Tal es así que incluso la fotografía, a través de sus múltiples recursos de manipulación y puesta en escena, se ha empeñado en asumir esta consigna, arremetiendo contra la que parecía ser su propia naturaleza: cual es ser huella objetiva de la realidad. Incidir en esta paradoja, de la que ha resultado buena parte de la producción artística más interesante de las últimas décadas, conforma el núcleo de esta exposición. Una muestra que, a partir de una selección de lo más representativo de los fondos de fotografía de la Fundación Provincial de Artes Plásticas Rafael Botí, pretende indagar en esa condición autorreflexiva y, por tanto, conceptual de la fotografía contemporánea.
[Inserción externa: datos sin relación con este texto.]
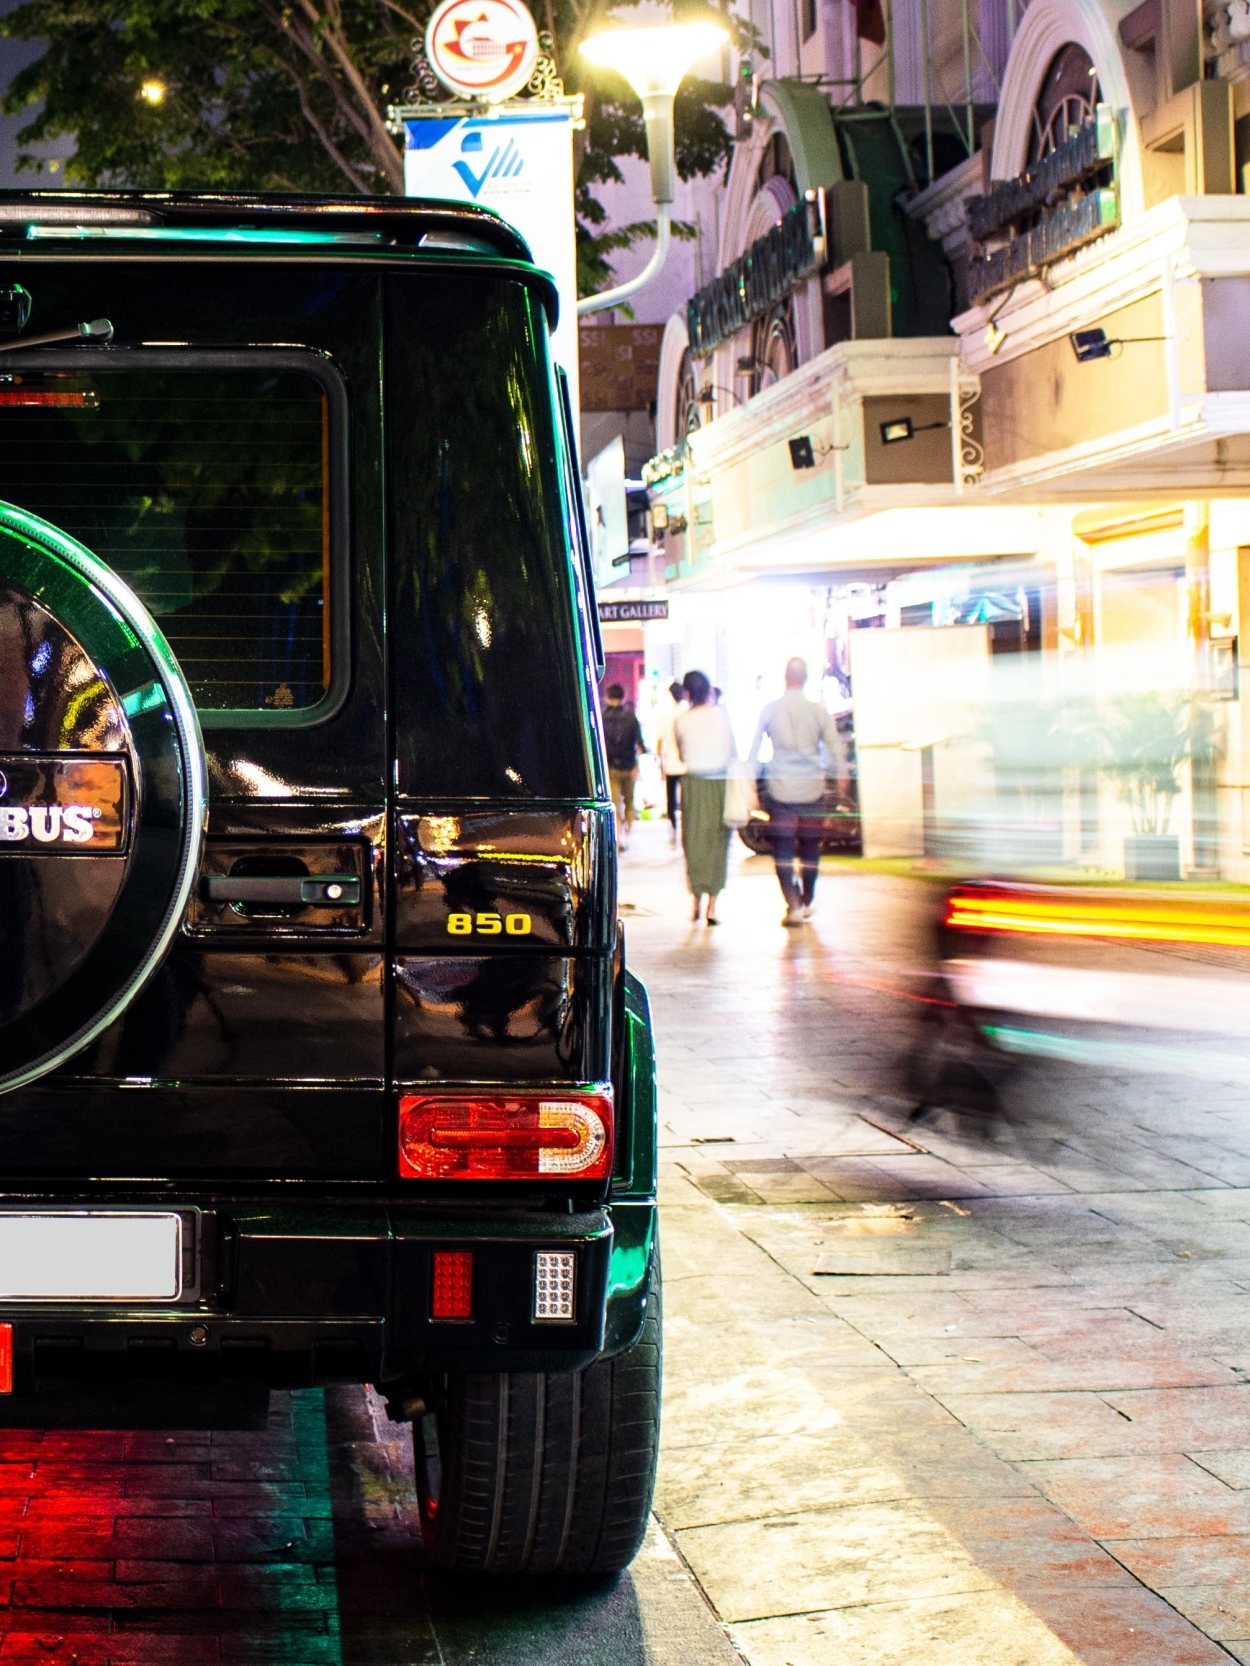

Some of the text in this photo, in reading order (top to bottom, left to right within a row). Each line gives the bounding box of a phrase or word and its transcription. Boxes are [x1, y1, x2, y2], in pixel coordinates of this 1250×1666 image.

Partamos para ello de una idea fundamental: la fotografía se ha incorporado a nuestra vida de un modo tal que vivimos, literalmente, asediados por ella. Convivimos con las imágenes de un modo tan intenso y natural que, quizás por esta razón, nos hemos despreocupado por ellas, dejando de interesarnos por qué hacen allí, cómo han llegado a ser nuestras compañeras de viaje y, lo que es más importante, cuáles son las implicaciones de esta coexistencia. En este sentido, el trabajo de Gisèle Freund La fotografía como documento social, es fundamental. Ya que en esta historia de la fotografía su autora nos ofrece algunas respuestas y claves para entender cómo hemos llegado a esta hegemonía de lo fotográfico. De entrada, diría Freund, la fotografía no es una sino múltiple. Es decir, no se puede unificar su estatuto sólo por el hecho de que reproduzca una técnica concreta de captación de imágenes. Tampoco se puede reducir su definición al contexto en que nace; queremos decir con ello que no es posible explicar la fotografía como un invento de la modernidad que en su siglo largo de vida haya permanecido inmutable. Muy al contrario, la fotografía abarca infinidad de campos de acción, que van del periodismo a la moda, del documentalismo al arte. De la misma manera que su definición y consideración cultural ha variado notablemente en cada uno de los períodos históricos que le ha tocado presenciar y testimoniar.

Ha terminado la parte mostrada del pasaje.